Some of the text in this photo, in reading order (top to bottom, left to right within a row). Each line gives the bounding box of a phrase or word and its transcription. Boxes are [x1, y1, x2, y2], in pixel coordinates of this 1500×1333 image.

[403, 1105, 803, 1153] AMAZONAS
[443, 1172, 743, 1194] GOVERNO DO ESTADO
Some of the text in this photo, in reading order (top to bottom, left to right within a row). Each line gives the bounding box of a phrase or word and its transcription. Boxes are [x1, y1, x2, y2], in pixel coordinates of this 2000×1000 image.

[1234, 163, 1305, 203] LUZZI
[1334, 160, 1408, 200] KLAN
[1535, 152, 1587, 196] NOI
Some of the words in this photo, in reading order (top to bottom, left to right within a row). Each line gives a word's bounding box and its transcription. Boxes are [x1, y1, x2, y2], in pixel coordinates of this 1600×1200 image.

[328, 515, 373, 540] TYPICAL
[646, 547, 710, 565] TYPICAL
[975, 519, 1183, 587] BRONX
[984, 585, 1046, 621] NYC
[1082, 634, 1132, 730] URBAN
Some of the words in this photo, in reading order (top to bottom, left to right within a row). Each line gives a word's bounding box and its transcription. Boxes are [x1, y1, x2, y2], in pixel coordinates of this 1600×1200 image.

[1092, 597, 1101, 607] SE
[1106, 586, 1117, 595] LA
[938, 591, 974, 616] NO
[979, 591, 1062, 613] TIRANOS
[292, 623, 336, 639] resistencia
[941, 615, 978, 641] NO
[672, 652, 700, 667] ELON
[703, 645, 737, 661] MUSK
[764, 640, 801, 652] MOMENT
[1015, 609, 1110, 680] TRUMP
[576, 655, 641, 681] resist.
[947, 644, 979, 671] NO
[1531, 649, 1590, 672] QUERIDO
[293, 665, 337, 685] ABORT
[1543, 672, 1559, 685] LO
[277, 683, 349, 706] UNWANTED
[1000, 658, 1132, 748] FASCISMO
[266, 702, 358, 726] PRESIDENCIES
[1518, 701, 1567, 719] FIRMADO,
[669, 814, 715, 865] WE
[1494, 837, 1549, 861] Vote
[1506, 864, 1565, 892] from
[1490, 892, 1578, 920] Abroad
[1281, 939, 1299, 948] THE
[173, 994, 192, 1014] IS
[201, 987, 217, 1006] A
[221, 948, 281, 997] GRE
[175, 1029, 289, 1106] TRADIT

===============

- _Problem details_
Copy out the entries. Change nothing.

- _Solved problem_
Some of the text in this photo, in reading order (top to bottom, left to right within a row). Each line gives the bounding box of a phrase or word and its transcription. Boxes are [x1, y1, x2, y2], in pixel coordinates of this 1500×1333 image.

[403, 1105, 803, 1153] AMAZONAS
[443, 1172, 743, 1194] GOVERNO DO ESTADO
Some of the text in this photo, in reading order (top to bottom, left to right within a row). Each line gives the bounding box of a phrase or word and its transcription. Boxes are [x1, y1, x2, y2], in pixel coordinates of this 2000×1000 image.

[1234, 163, 1305, 203] LUZZI
[1334, 160, 1408, 200] KLAN
[1535, 152, 1587, 196] NOI
Some of the words in this photo, in reading order (top to bottom, left to right within a row). Each line gives a word's bounding box and its transcription. Boxes are [x1, y1, x2, y2], in pixel coordinates of this 1600×1200 image.

[328, 515, 373, 540] TYPICAL
[646, 547, 710, 565] TYPICAL
[975, 519, 1183, 587] BRONX
[984, 585, 1046, 621] NYC
[1082, 634, 1132, 730] URBAN
Some of the words in this photo, in reading order (top to bottom, left to right within a row). Each line gives a word's bounding box and its transcription. Boxes are [x1, y1, x2, y2], in pixel coordinates of this 1600×1200 image.

[1092, 597, 1101, 607] SE
[1106, 586, 1117, 595] LA
[938, 591, 974, 616] NO
[979, 591, 1062, 613] TIRANOS
[292, 623, 336, 639] resistencia
[941, 615, 978, 641] NO
[672, 652, 700, 667] ELON
[703, 645, 737, 661] MUSK
[764, 640, 801, 652] MOMENT
[1015, 609, 1110, 680] TRUMP
[576, 655, 641, 681] resist.
[947, 644, 979, 671] NO
[1531, 649, 1590, 672] QUERIDO
[293, 665, 337, 685] ABORT
[1543, 672, 1559, 685] LO
[277, 683, 349, 706] UNWANTED
[1000, 658, 1132, 748] FASCISMO
[266, 702, 358, 726] PRESIDENCIES
[1518, 701, 1567, 719] FIRMADO,
[669, 814, 715, 865] WE
[1494, 837, 1549, 861] Vote
[1506, 864, 1565, 892] from
[1490, 892, 1578, 920] Abroad
[1281, 939, 1299, 948] THE
[173, 994, 192, 1014] IS
[201, 987, 217, 1006] A
[221, 948, 281, 997] GRE
[175, 1029, 289, 1106] TRADIT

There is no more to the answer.